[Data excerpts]
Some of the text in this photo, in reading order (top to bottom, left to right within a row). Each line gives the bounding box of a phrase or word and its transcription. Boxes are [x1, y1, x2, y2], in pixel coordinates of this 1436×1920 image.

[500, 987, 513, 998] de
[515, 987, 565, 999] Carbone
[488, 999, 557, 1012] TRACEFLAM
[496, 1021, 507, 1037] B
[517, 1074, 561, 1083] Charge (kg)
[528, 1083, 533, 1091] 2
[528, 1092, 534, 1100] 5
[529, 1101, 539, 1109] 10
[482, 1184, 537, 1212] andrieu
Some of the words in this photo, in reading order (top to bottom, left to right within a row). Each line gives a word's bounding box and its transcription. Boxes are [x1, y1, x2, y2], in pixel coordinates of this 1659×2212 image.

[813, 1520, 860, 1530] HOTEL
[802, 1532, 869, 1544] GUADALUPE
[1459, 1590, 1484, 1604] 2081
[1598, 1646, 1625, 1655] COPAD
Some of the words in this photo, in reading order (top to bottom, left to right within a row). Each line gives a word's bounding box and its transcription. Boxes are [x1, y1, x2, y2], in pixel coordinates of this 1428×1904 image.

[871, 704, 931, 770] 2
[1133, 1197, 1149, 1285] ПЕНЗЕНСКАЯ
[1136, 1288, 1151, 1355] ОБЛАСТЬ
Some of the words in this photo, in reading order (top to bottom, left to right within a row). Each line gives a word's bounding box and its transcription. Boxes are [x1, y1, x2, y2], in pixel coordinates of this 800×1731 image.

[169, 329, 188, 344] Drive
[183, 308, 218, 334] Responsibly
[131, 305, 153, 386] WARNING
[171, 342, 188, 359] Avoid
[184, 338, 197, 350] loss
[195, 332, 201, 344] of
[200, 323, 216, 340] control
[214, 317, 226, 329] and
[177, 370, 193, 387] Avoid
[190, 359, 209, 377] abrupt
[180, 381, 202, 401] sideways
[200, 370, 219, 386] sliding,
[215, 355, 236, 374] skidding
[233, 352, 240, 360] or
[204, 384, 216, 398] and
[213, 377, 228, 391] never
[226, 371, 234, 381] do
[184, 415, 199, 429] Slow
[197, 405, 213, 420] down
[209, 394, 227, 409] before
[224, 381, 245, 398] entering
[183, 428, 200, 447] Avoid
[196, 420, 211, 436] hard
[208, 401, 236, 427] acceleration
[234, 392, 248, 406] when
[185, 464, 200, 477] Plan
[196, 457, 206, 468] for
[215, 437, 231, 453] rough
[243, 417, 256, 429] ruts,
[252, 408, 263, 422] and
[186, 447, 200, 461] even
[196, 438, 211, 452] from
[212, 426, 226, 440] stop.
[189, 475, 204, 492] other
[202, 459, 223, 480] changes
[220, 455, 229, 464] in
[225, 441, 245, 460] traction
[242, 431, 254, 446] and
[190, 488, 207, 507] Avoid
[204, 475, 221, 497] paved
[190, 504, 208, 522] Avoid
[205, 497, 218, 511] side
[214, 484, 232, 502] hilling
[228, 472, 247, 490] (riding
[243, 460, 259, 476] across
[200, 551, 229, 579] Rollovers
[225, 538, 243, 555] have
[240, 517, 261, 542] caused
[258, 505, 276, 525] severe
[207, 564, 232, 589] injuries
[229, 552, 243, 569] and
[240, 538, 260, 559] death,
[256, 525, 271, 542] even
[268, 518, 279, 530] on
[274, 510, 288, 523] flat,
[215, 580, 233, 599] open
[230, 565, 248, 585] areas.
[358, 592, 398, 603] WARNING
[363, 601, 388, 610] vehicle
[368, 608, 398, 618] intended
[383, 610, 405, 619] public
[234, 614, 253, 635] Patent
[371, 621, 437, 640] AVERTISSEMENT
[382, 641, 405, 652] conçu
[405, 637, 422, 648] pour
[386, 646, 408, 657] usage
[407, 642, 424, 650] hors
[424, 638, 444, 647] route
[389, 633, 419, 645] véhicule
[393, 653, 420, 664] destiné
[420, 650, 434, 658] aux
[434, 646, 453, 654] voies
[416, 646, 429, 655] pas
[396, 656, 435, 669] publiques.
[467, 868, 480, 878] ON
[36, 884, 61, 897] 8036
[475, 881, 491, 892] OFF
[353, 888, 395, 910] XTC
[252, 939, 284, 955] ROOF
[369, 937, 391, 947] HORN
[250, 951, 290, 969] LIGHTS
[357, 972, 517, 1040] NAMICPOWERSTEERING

## [Task directions]
What is needed here is every record above, repeated exactly.

## [Your solution]
Some of the text in this photo, in reading order (top to bottom, left to right within a row). Each line gives the bounding box of a phrase or word and its transcription. Boxes are [x1, y1, x2, y2], in pixel coordinates of this 1436×1920 image.

[500, 987, 513, 998] de
[515, 987, 565, 999] Carbone
[488, 999, 557, 1012] TRACEFLAM
[496, 1021, 507, 1037] B
[517, 1074, 561, 1083] Charge (kg)
[528, 1083, 533, 1091] 2
[528, 1092, 534, 1100] 5
[529, 1101, 539, 1109] 10
[482, 1184, 537, 1212] andrieu
Some of the words in this photo, in reading order (top to bottom, left to right within a row). Each line gives a word's bounding box and its transcription. Boxes are [x1, y1, x2, y2], in pixel coordinates of this 1659×2212 image.

[813, 1520, 860, 1530] HOTEL
[802, 1532, 869, 1544] GUADALUPE
[1459, 1590, 1484, 1604] 2081
[1598, 1646, 1625, 1655] COPAD
Some of the words in this photo, in reading order (top to bottom, left to right within a row). Each line gives a word's bounding box and its transcription. Boxes are [x1, y1, x2, y2], in pixel coordinates of this 1428×1904 image.

[871, 704, 931, 770] 2
[1133, 1197, 1149, 1285] ПЕНЗЕНСКАЯ
[1136, 1288, 1151, 1355] ОБЛАСТЬ
Some of the words in this photo, in reading order (top to bottom, left to right within a row). Each line gives a word's bounding box and its transcription. Boxes are [x1, y1, x2, y2], in pixel coordinates of this 800×1731 image.

[169, 329, 188, 344] Drive
[183, 308, 218, 334] Responsibly
[131, 305, 153, 386] WARNING
[171, 342, 188, 359] Avoid
[184, 338, 197, 350] loss
[195, 332, 201, 344] of
[200, 323, 216, 340] control
[214, 317, 226, 329] and
[177, 370, 193, 387] Avoid
[190, 359, 209, 377] abrupt
[180, 381, 202, 401] sideways
[200, 370, 219, 386] sliding,
[215, 355, 236, 374] skidding
[233, 352, 240, 360] or
[204, 384, 216, 398] and
[213, 377, 228, 391] never
[226, 371, 234, 381] do
[184, 415, 199, 429] Slow
[197, 405, 213, 420] down
[209, 394, 227, 409] before
[224, 381, 245, 398] entering
[183, 428, 200, 447] Avoid
[196, 420, 211, 436] hard
[208, 401, 236, 427] acceleration
[234, 392, 248, 406] when
[185, 464, 200, 477] Plan
[196, 457, 206, 468] for
[215, 437, 231, 453] rough
[243, 417, 256, 429] ruts,
[252, 408, 263, 422] and
[186, 447, 200, 461] even
[196, 438, 211, 452] from
[212, 426, 226, 440] stop.
[189, 475, 204, 492] other
[202, 459, 223, 480] changes
[220, 455, 229, 464] in
[225, 441, 245, 460] traction
[242, 431, 254, 446] and
[190, 488, 207, 507] Avoid
[204, 475, 221, 497] paved
[190, 504, 208, 522] Avoid
[205, 497, 218, 511] side
[214, 484, 232, 502] hilling
[228, 472, 247, 490] (riding
[243, 460, 259, 476] across
[200, 551, 229, 579] Rollovers
[225, 538, 243, 555] have
[240, 517, 261, 542] caused
[258, 505, 276, 525] severe
[207, 564, 232, 589] injuries
[229, 552, 243, 569] and
[240, 538, 260, 559] death,
[256, 525, 271, 542] even
[268, 518, 279, 530] on
[274, 510, 288, 523] flat,
[215, 580, 233, 599] open
[230, 565, 248, 585] areas.
[358, 592, 398, 603] WARNING
[363, 601, 388, 610] vehicle
[368, 608, 398, 618] intended
[383, 610, 405, 619] public
[234, 614, 253, 635] Patent
[371, 621, 437, 640] AVERTISSEMENT
[382, 641, 405, 652] conçu
[405, 637, 422, 648] pour
[386, 646, 408, 657] usage
[407, 642, 424, 650] hors
[424, 638, 444, 647] route
[389, 633, 419, 645] véhicule
[393, 653, 420, 664] destiné
[420, 650, 434, 658] aux
[434, 646, 453, 654] voies
[416, 646, 429, 655] pas
[396, 656, 435, 669] publiques.
[467, 868, 480, 878] ON
[36, 884, 61, 897] 8036
[475, 881, 491, 892] OFF
[353, 888, 395, 910] XTC
[252, 939, 284, 955] ROOF
[369, 937, 391, 947] HORN
[250, 951, 290, 969] LIGHTS
[357, 972, 517, 1040] NAMICPOWERSTEERING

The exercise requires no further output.